But why I want to, and what exactly it is, is still beyond my grasp.
‘If you are, it’s OK,’ I say when she doesn’t reply. ‘I mean, it’s not OK that I’m now an addict, but I understand. I just want to know what the drug is, or if it’s more than one. Like, is it a combination of uppers and downers ...?’
Sadie’s expression gives nothing away. She comes and sits next to me on the bed, and I shuffle my legs over to make room for her.
Sometimes she lies next to me at night, but she’s gone when I wake up in the morning.
I’ve noted that she’s a very quiet breather.
Which is good as I’m a light sleeper. Well, I was.
Now the drug makes me so relaxed that I pass out straightaway, even though I’ve been lying around doing nothing all day except listening to music or reading Smash Hits.
‘Is it cocaine and Valium?’ I press. That’s all the drugs I know.
Apart from weed. I saw various pills and ‘special’ cigarettes floating around when I was on the concert tour.
I partook once or twice, but I’m a generally a clean-living guy.
Besides, I had a responsibility to the band to remain clear-headed.
A roadie operating on a drug-induced high would have been no use to anyone.
‘I’m not giving you drugs, Elliott,’ Sadie says, placing her pale white hands in her lap.
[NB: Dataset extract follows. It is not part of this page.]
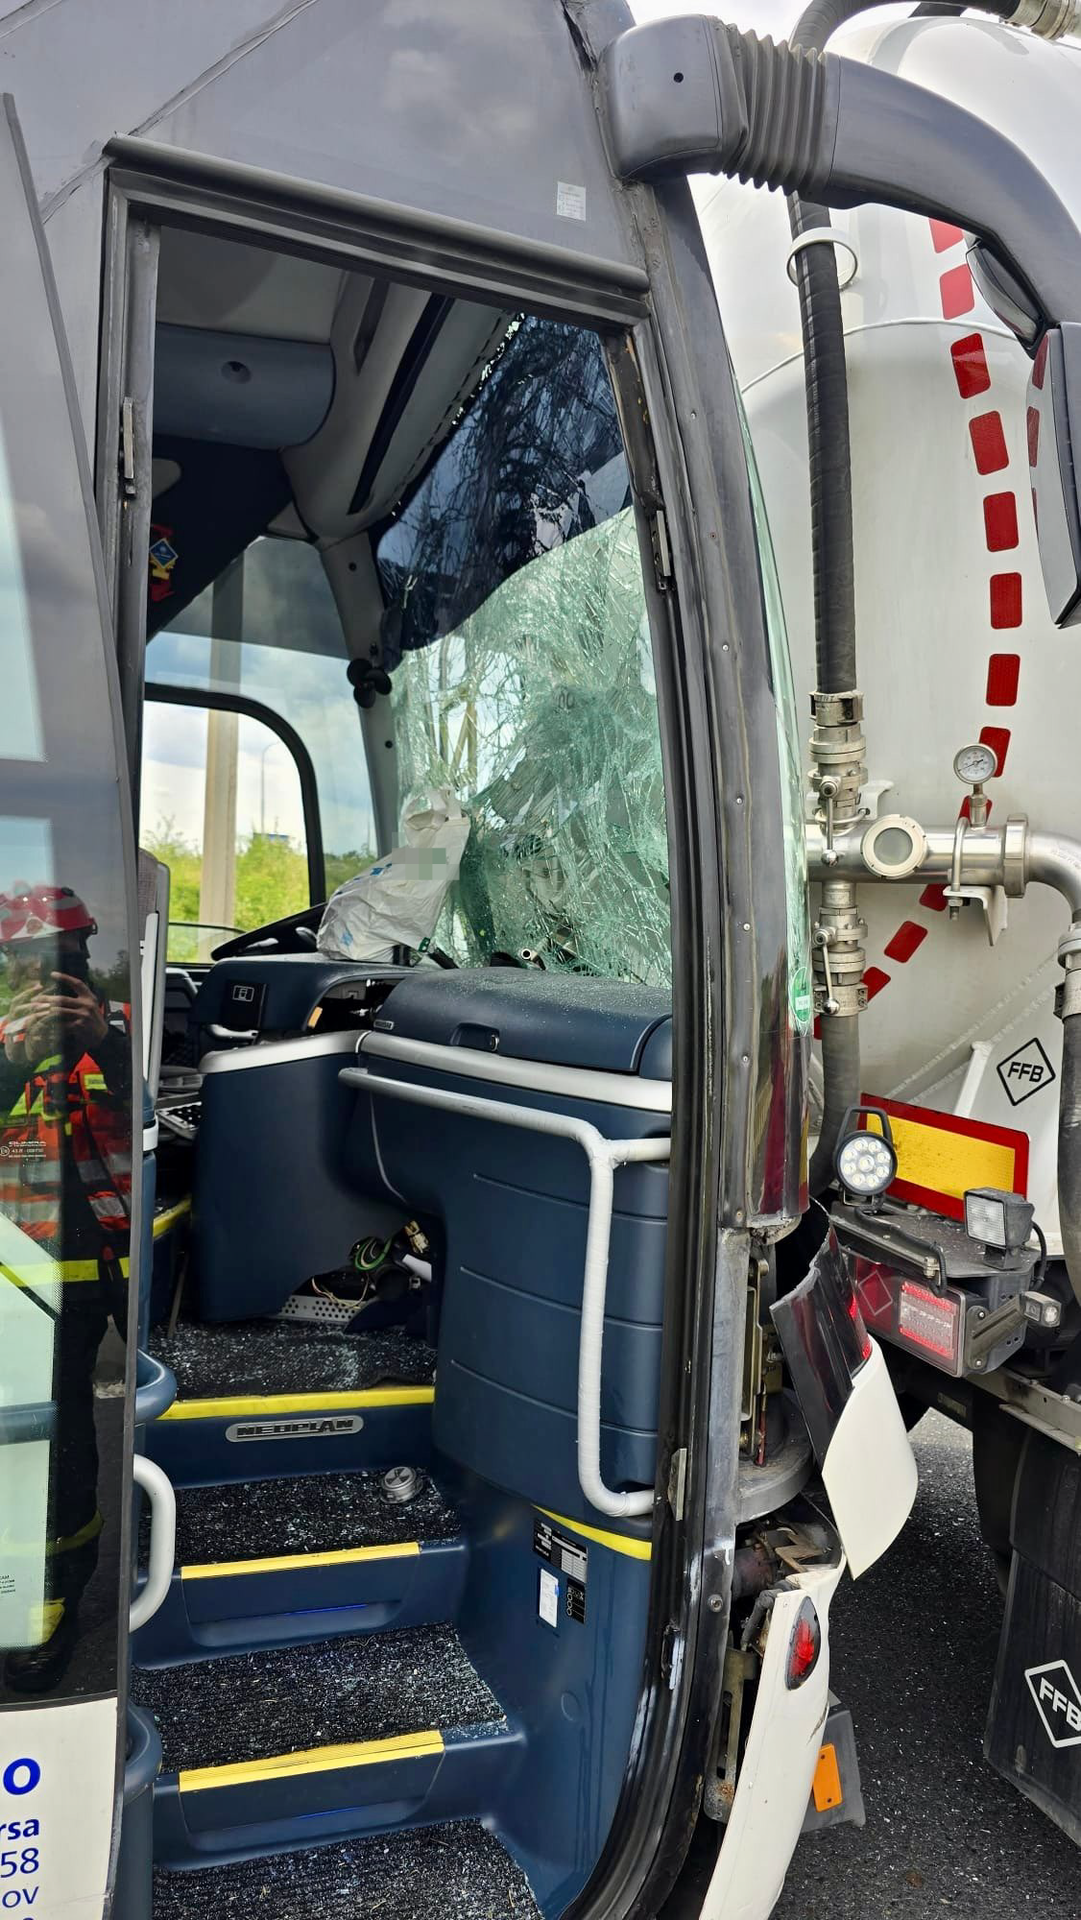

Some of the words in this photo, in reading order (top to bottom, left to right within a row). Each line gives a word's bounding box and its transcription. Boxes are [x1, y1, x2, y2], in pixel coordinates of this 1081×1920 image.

[1007, 1061, 1044, 1082] FFB
[237, 1419, 354, 1437] NEOPLAN
[1039, 1676, 1081, 1731] FFB
[0, 1847, 39, 1878] 58
She has nice nails. They’re like little translucent shells and always buffed to a high shine.
‘Then why can’t I leave?’ I whisper, feeling suddenly emotional about my situation. My throat bobs as I swallow a lump in my throat, and Sadie stares fixedly at my neck. She’s been doing that a lot lately.
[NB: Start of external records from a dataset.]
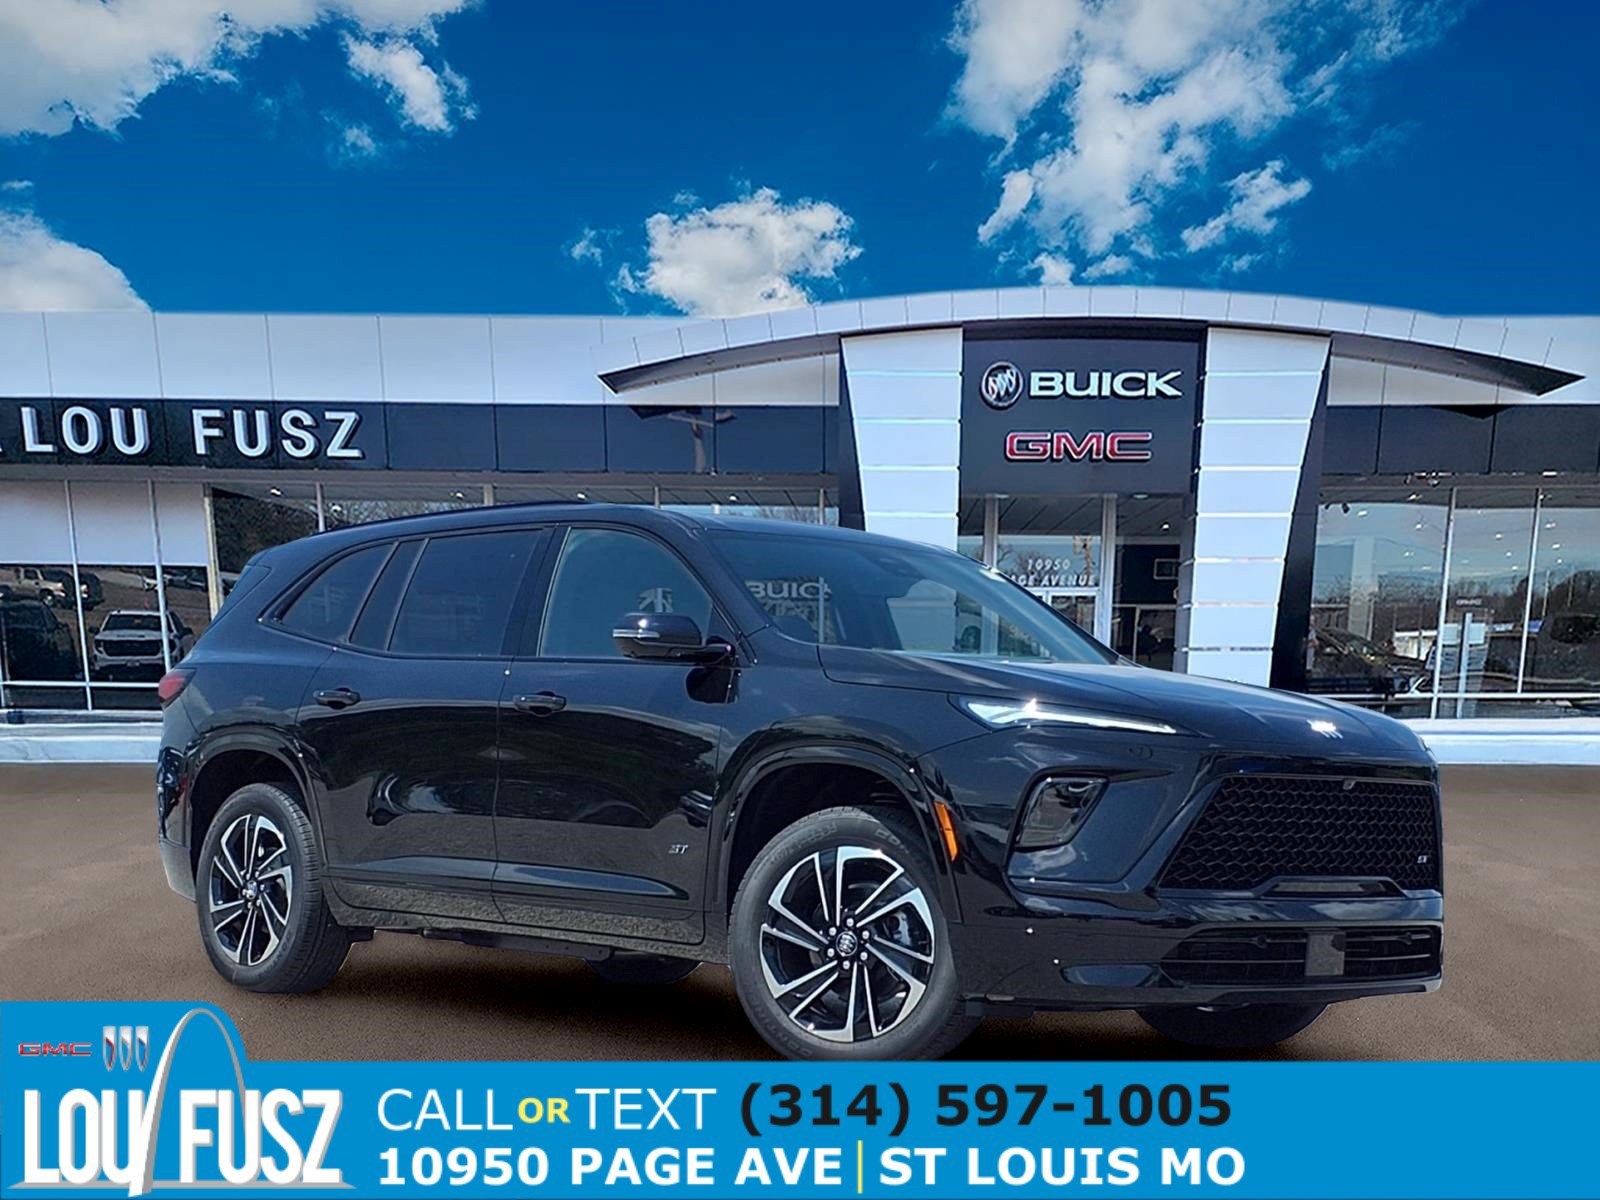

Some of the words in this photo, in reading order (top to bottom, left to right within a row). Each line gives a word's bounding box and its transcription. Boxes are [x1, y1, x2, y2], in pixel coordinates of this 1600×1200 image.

[1029, 370, 1183, 397] BUICK
[20, 405, 150, 456] LOU
[191, 408, 364, 458] FUSZ
[1006, 431, 1152, 461] GMC
[1027, 559, 1071, 570] 10950
[1011, 574, 1036, 586] AGE
[1040, 574, 1096, 586] AVENUE
‘Do you want to know the truth?’ she asks.
I nod and sigh with relief. ‘Yes please. Just tell me. It’s driving me crazy.’
‘I’m sure it is.’ She plucks at a thread on the bedcover, and I wait. I’m good at that. Patience is my forte, but even I have my limits. ‘So the thing is’, she says slowly, ‘I can override your will and make you do things, Elliott. You’re my thrall.’
I blink. ‘T-thrall?’
‘Yeah. Sorry, but our coven has certain ... needs that we need help with.’
‘You mean the blood?’
She nods.
I rub my face, confused. The words ‘thrall’ and ‘coven’ and the need for ‘blood’ suggest that they’re trying to pretend they’re vampires or something. I seem to have stumbled into a bad re-enactment of The Rocky Horror Picture Show.
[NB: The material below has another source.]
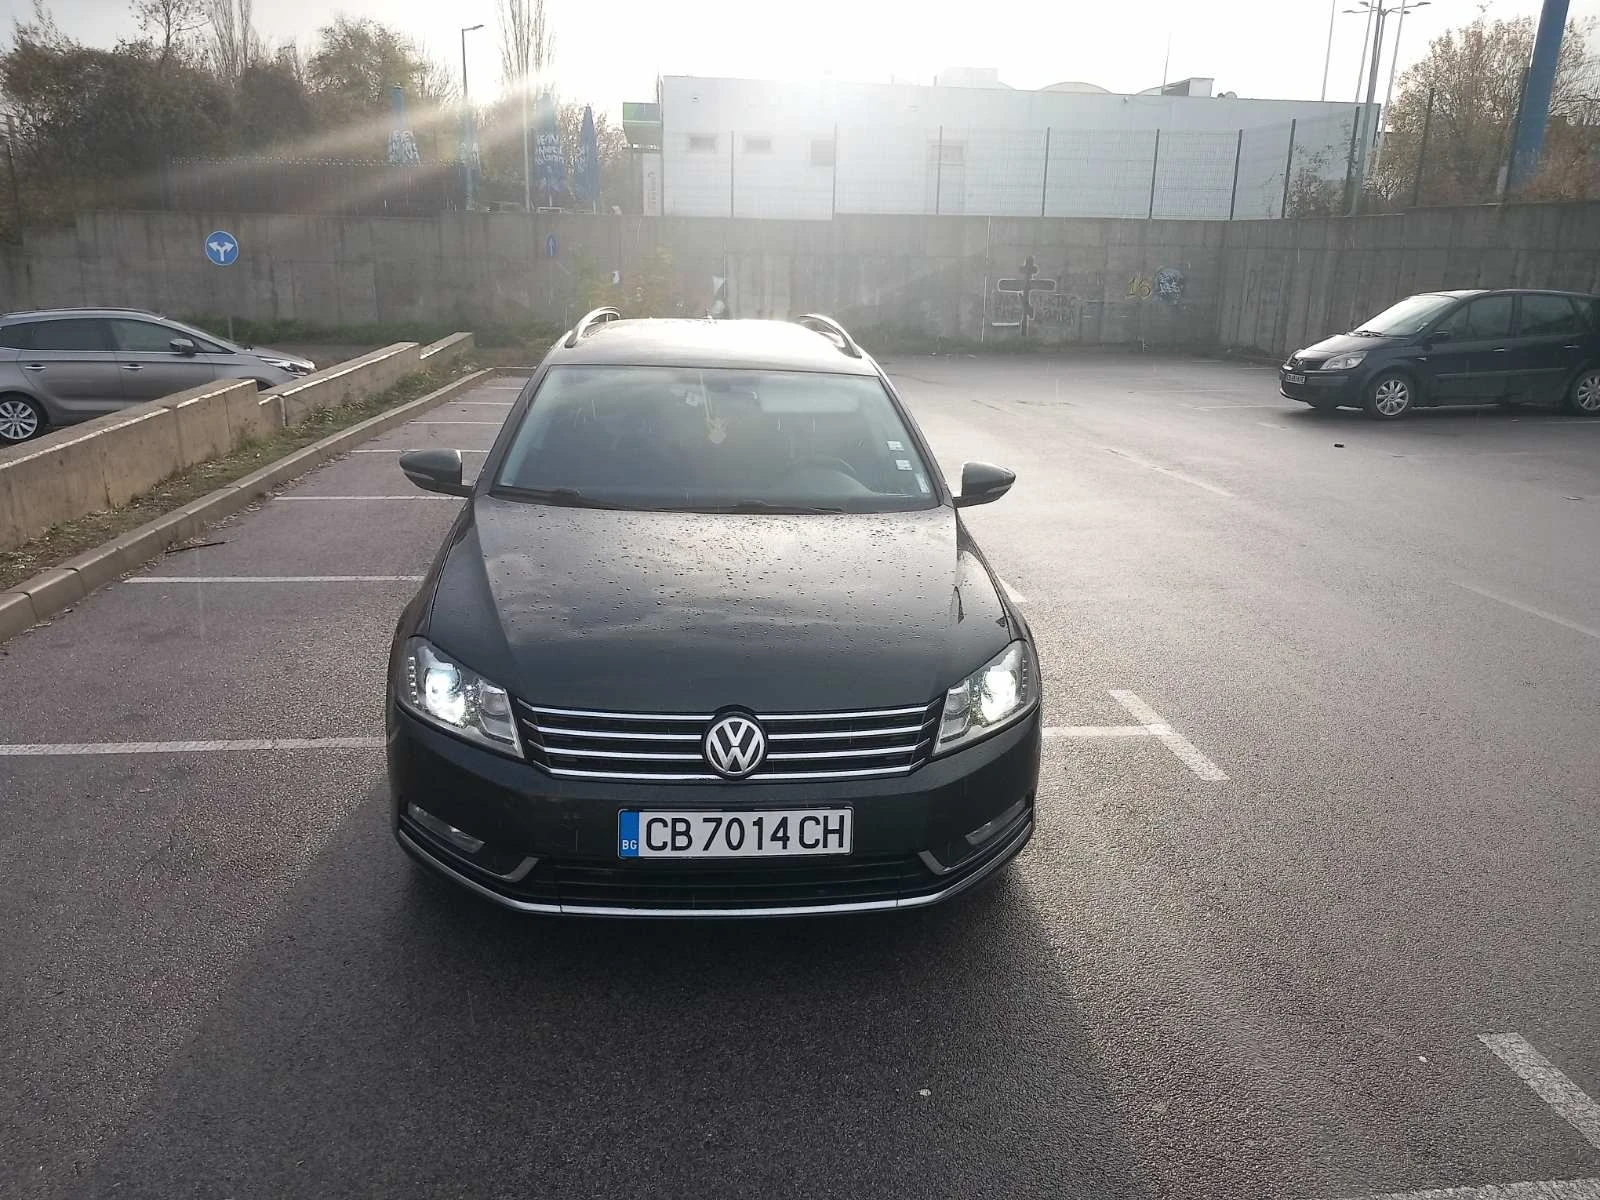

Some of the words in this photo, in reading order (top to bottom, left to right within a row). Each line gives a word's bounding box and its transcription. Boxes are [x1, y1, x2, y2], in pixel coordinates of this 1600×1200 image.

But I still don’t understand how Sadie is managing to manipulate me. It must be a drug of some kind. I’ll go along with it for now and try to get more information.
She’s looking at me carefully, as if to gauge how close I am to freaking out.
I smile encouragingly to show her that I won’t. ‘So you’re sort of like my mistress then?’
She nods. Wow, OK, she’s a dominatrix. I gulp. Maybe that’s why she’s never around much at night. She’s off whipping men in a dungeon somewhere. But I’ve had a poke through her wardrobe when she wasn’t here. I found some leather skirts, but no catsuit, handcuffs, or whips or anything.
I plaster a fake smile on my face. ‘OK! That makes so much more sense. And you can get me to stay here ... how exactly?’
She hitches a shoulder. ‘You have my venom in your system. That acts like a sort of drug, I guess. So technically, I have turned you into an addict, if you want to be really picky about it. But I haven’t given you enough to make you crave it yet, just enough to make you easier to manage.’
Great. This is all good information. All I need to do now is find out how she gets the ‘venom’ (if that’s what she’s calling it) into my system.
‘And how do you administer it?’ I ask casually. ‘Through my food or ...?’
Sadie parts her lips and taps one of her eyeteeth and then the other. ‘I bite you. With these.’
I almost chuckle but manage to stifle it in time, and she doesn’t seem to notice. Bite me? Wow, she really is taking this pretend vampire thing to the limit. Next thing she’ll be popping in a pair of fake fangs!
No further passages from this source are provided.